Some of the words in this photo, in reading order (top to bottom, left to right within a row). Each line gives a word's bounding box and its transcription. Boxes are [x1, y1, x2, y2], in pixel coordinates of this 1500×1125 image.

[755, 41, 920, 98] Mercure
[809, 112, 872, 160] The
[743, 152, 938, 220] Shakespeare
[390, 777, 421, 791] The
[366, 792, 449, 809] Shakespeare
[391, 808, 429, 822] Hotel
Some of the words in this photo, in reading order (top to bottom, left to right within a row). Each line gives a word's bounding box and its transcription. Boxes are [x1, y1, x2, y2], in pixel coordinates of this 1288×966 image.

§ ACTIVITY
Word for word, give the material above a second time.

§ TASK SOLUTION
Some of the words in this photo, in reading order (top to bottom, left to right within a row). Each line gives a word's bounding box and its transcription. Boxes are [x1, y1, x2, y2], in pixel coordinates of this 1500×1125 image.

[755, 41, 920, 98] Mercure
[809, 112, 872, 160] The
[743, 152, 938, 220] Shakespeare
[390, 777, 421, 791] The
[366, 792, 449, 809] Shakespeare
[391, 808, 429, 822] Hotel
Some of the words in this photo, in reading order (top to bottom, left to right within a row). Each line gives a word's bounding box and its transcription. Boxes are [x1, y1, x2, y2], in pixel coordinates of this 1288×966 image.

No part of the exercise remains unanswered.